The fall of the Soviet Union and Fukuyama’s declaration of liberal capitalism as The End of History had profound and multifaceted impact upon our culture industries. Generation X — that relatively brief grouping of humans that were born in the late seventies and came of age in the nineties — experienced unprecedented economic boom times. The most upwardly mobile generation in history, Gen X Americans wield more spending power than boomers and millennials combined. The obscene financial success resulted in a palpable apathy towards radical politics – what is there to protest when there’s this much cocaine, anyways? – and an embrace of capitalism and “the mainstream” atypical of generational youth movements: “No one really knew what we were,” writes NY Times cultural critic Alex Williams on his hard-to-define generation. “But apparently someone knew what we weren’t: dreamers, revolutionaries, world-changers.”

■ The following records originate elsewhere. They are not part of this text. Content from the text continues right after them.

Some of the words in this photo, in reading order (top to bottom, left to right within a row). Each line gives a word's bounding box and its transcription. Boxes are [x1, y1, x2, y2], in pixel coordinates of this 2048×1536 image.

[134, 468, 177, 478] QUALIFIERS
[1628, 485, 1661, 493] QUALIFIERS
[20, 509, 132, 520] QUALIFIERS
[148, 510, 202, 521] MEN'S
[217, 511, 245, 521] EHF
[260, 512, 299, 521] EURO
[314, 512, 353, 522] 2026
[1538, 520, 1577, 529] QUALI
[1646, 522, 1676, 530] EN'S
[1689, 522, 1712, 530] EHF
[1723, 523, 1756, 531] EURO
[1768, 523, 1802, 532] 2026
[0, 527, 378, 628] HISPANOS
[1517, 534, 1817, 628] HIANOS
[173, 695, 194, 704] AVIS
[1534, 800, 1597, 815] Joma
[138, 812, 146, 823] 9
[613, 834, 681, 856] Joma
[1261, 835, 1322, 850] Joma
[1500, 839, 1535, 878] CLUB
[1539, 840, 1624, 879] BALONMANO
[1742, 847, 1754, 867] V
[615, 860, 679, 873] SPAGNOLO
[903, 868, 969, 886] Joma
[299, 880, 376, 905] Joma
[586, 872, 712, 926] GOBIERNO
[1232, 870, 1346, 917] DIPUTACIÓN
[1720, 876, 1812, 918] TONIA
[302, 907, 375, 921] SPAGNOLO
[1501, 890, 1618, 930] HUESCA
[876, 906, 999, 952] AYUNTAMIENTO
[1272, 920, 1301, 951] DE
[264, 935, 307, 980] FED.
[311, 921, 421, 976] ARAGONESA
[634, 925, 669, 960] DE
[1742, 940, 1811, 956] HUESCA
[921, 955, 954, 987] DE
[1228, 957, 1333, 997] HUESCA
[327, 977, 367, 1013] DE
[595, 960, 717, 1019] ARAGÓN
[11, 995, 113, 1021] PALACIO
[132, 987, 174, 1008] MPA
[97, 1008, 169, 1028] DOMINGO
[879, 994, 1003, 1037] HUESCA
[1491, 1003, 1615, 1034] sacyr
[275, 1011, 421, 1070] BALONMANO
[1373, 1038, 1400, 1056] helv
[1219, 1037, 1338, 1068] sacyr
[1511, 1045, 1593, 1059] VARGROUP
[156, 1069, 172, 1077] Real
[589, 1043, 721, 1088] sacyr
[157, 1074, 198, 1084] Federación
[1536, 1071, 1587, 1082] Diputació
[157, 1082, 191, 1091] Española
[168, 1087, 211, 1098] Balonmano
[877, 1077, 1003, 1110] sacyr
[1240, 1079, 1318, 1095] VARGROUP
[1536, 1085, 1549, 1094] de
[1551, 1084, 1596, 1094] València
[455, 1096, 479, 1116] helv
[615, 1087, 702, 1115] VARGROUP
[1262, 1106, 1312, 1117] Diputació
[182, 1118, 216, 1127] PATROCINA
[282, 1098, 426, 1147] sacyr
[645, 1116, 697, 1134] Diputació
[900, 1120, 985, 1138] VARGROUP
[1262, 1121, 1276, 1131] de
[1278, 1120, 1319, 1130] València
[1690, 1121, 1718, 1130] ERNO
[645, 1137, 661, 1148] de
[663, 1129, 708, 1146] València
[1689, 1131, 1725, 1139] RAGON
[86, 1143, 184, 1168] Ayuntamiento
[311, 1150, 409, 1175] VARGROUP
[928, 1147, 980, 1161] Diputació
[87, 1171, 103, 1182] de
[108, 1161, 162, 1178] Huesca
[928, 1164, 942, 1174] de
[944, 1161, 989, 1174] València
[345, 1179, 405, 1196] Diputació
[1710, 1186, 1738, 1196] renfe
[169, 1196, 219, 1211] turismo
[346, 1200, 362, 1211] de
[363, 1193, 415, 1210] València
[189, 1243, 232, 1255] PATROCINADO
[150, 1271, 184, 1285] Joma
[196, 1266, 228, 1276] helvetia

Radical subculture largely died in the 1990s, swallowed whole by private equity and immediately regurgitated as commerce; grunge was being hailed as the return of punk rock for six months before Marc Jacobs turned it into a mainstream fashion statement for a Perry Ellis show in 1992. This rapid and hyper marketization of subculture is commonplace now – after all, the most avant-garde art and music is now being seen and heard at the fucking RED BULL Music Academy – but marked a rapid shift in political and cultural economy back then. Even in the 1980s there was still a clear border separating the mainstream and the underground of cultural production. That border was decimated once the Cold War had officially ended.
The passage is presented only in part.